Roberta Smith: It wasn’t, or it was?

Derrick Adams: I even think it was.

Roberta Smith: As a painting.

Derrick Adams: Yeah, I think as a painting it was beautiful. The painting itself. I think that what people couldn’t really understand… it was almost like people who didn’t know who she was. Who is this person who is making this painting versus artists who’ve made works like this—

Charlotte Burns: It was more jarring

Derrick Adams: Yes. It was more, it was unexpected. Not because of the subject matter. I don’t think it was just because of the subject; it was a trigger, but I think it’s because the legacy of approach that she’s made as an artist with the type of work that she’s made.

Charlotte Burns: Right.

Derrick Adams: That was shocking, I think. People were trying to figure it out. It was almost like a left turn for her. Like, “Oh, she’s making this now?”

Charlotte Burns: Right. I see. There are other instances of this kind of furore around works of art. Another example would be the artist Sam Durant, who exhibited a work called Scaffold (2012) at the Walker Art Center. And there were huge protests from the Dakota tribe that eventually, through discussion between the artist and the community, the work was removed and then ceremonially burned. And that was another example of this idea of who had the right to comment on which histories and how.

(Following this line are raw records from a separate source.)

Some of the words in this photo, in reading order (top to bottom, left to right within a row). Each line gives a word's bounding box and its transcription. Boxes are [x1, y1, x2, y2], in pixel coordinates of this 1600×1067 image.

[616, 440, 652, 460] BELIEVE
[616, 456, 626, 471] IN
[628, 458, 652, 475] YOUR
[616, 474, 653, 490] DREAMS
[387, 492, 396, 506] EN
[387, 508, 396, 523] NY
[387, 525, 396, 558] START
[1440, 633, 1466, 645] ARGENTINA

There’s real sensitivity around it, and it was actually articulated recently with the current Whitney Biennial in which the artist Simone Leigh responded to critics’ reviews of the shows, which had said that there was nothing very radical about the exhibition. There was nothing in this time of turmoil that seemed particularly reactive to that. And she responded quite fiercely in a Facebook post that went viral, saying essentially that “critics who were saying that are not coming from the place I’m coming from. You don’t have the knowledge to recognize what’s radical about my work.” And that then sparked another conversation about what knowledge you need to bring to a work of art. What do you think about it, Roberta, as a critic? What knowledge do you think you should bring?

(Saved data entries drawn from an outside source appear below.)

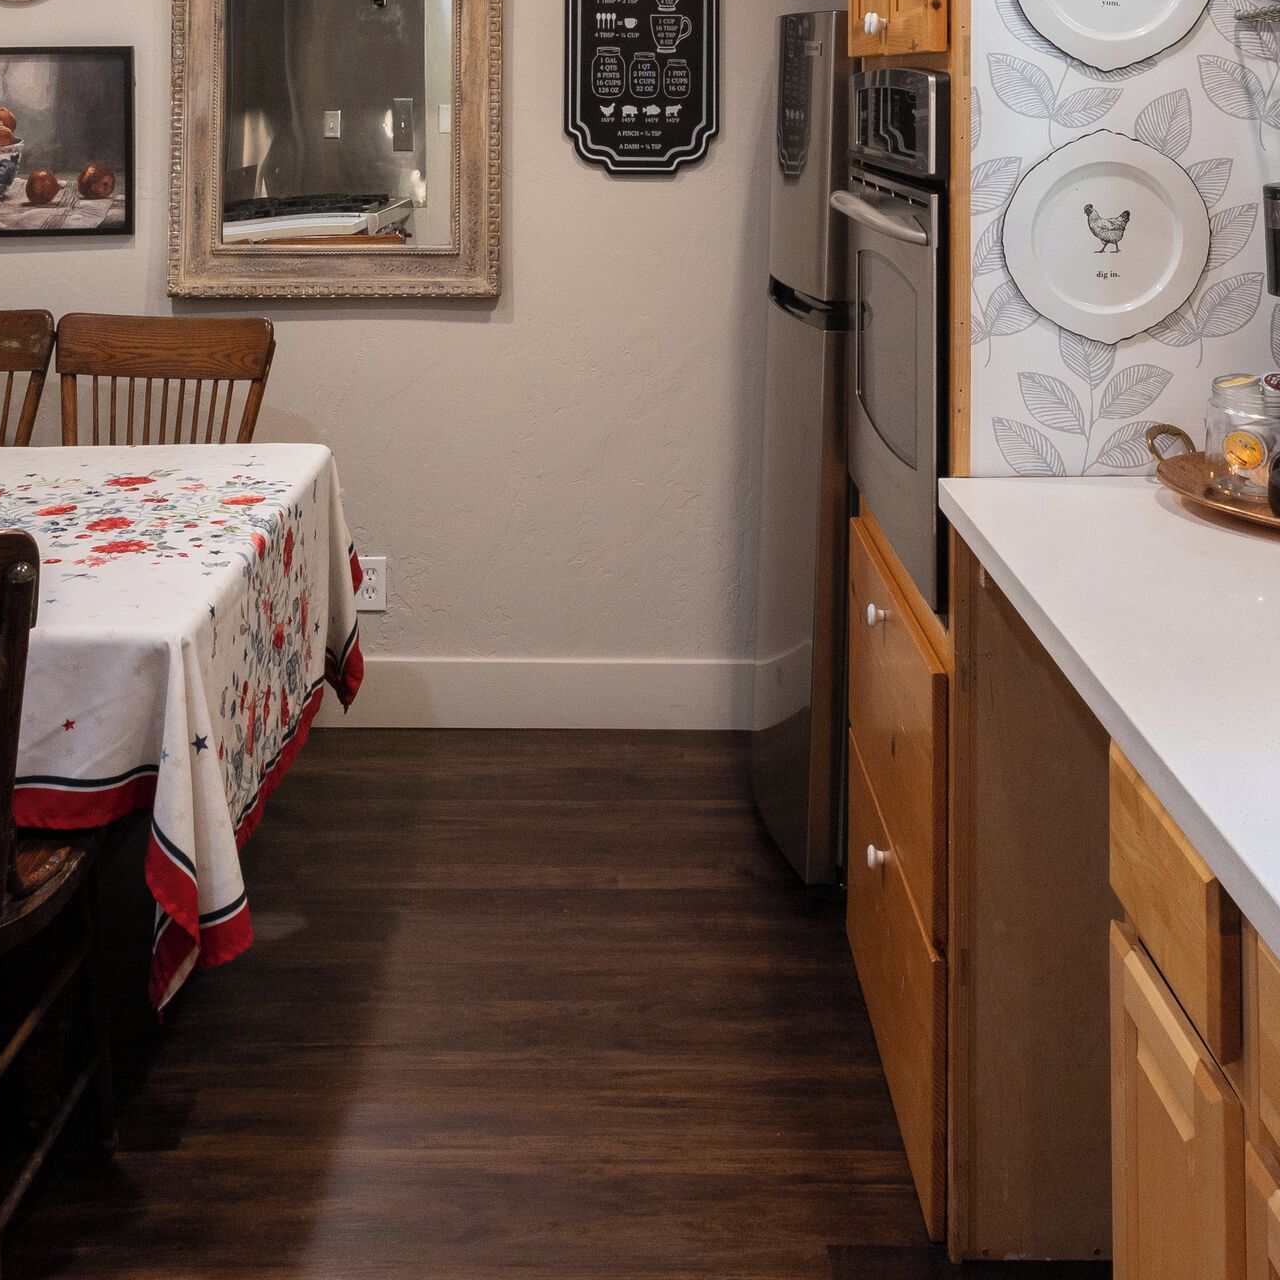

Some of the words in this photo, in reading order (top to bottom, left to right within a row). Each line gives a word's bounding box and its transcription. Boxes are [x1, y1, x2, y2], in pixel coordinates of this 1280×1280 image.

[1101, 0, 1121, 8] yum.
[1096, 270, 1108, 280] dig
[1110, 270, 1120, 278] in.
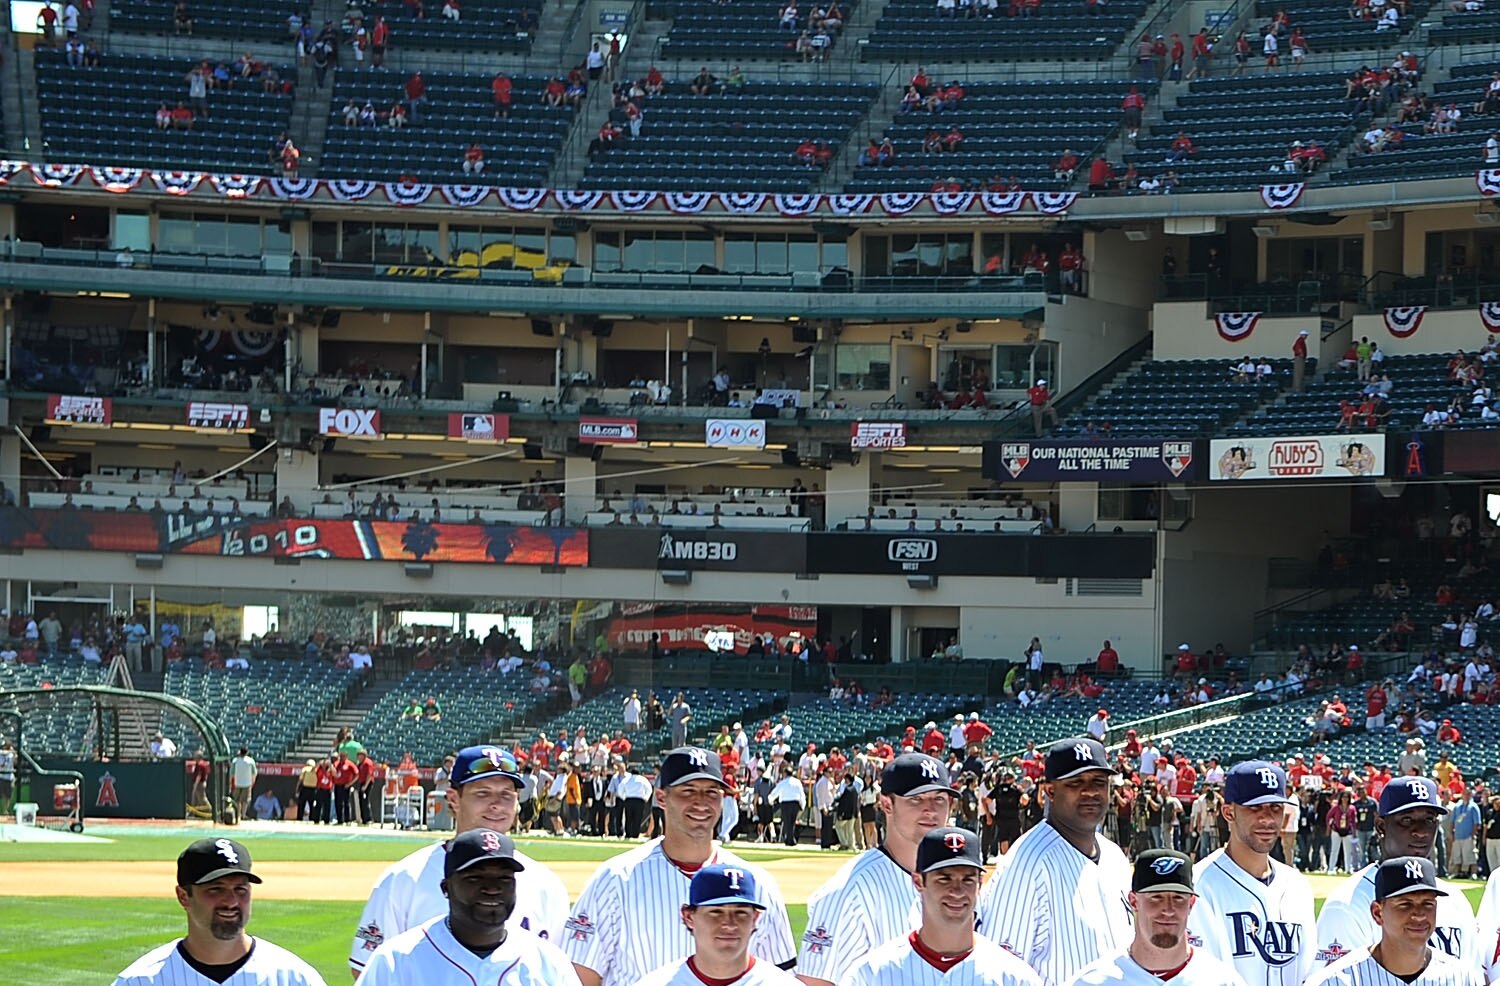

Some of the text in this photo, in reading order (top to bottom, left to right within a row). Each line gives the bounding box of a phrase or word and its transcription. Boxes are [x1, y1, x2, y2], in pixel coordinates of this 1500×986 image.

[59, 395, 103, 409] ESPN
[188, 402, 248, 421] ESPN
[189, 419, 245, 429] RADIO
[319, 407, 377, 436] FOX
[856, 422, 904, 437] ESPN
[582, 424, 621, 438] MLB.com
[851, 436, 906, 449] DEPORTES
[1031, 448, 1056, 461] OUR
[1057, 446, 1110, 460] NATIONAL
[1112, 446, 1160, 459] PASTIME
[1274, 445, 1320, 463] RUBY'S
[1057, 458, 1130, 470] ALL THE TIME
[895, 540, 930, 559] FSN
[902, 562, 919, 571] WEST
[689, 748, 709, 767] NY
[1073, 743, 1094, 761] NY
[920, 759, 940, 779] NY
[1403, 860, 1424, 880] NY
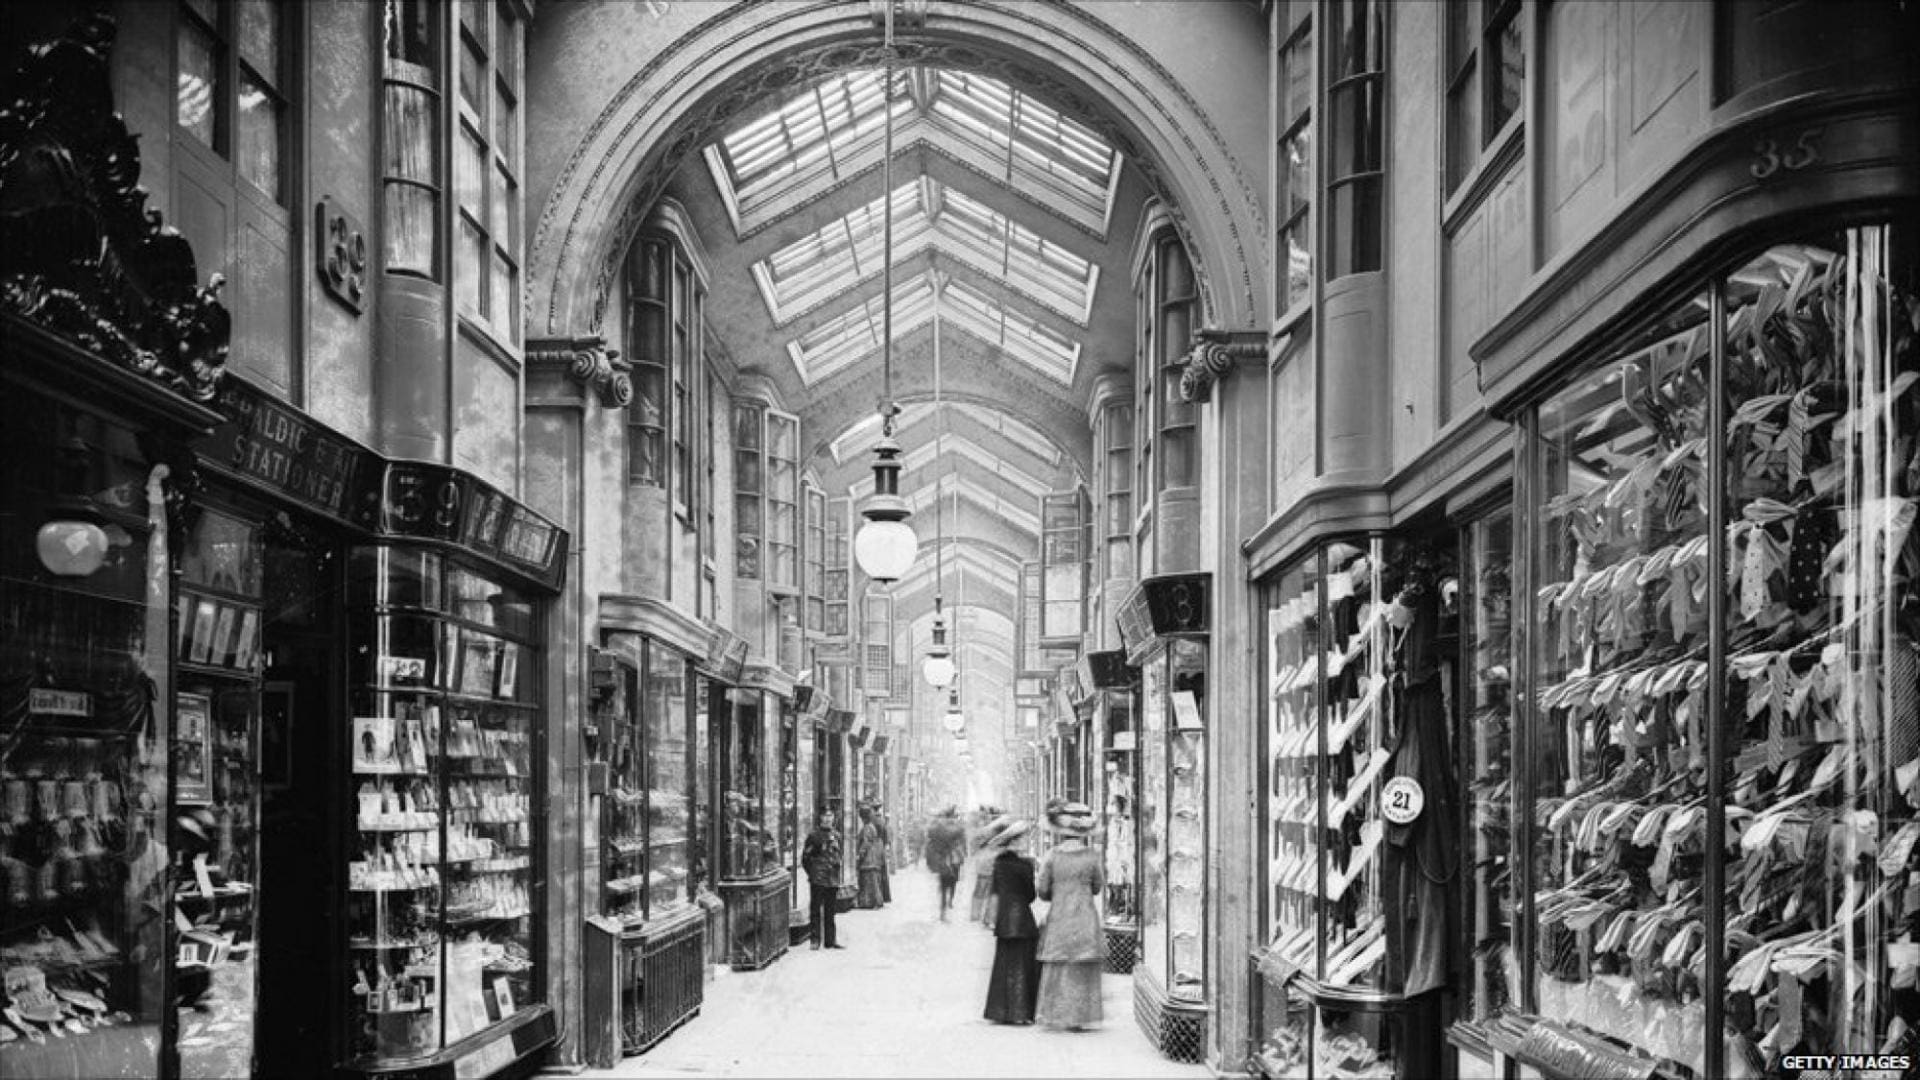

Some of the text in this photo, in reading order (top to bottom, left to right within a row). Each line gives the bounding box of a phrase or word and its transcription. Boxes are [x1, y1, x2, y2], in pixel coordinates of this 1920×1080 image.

Roberta Smith: Well, I’m having lots of reactions to what’s been said so far, so I’ll just say I don’t quite agree with Derrick. I’ve never heard that take before, that’s really interesting. My general opinion about this is that you’re not going to stop anybody from doing anything. Nobody does not have a right to do what they’re doing. Artists are going to do what they want. They’re basically opportunistic. They basically have something they want to express, so they make it first and then they deal with questions later. And you could argue about whether that should have been shown, that’s a different argument. But the fact that it—and I’m not sure that, I mean she’s painted pictures of other American.

Derrick Adams: Open Casket. Autopsy of [Michael Jackson] (2005)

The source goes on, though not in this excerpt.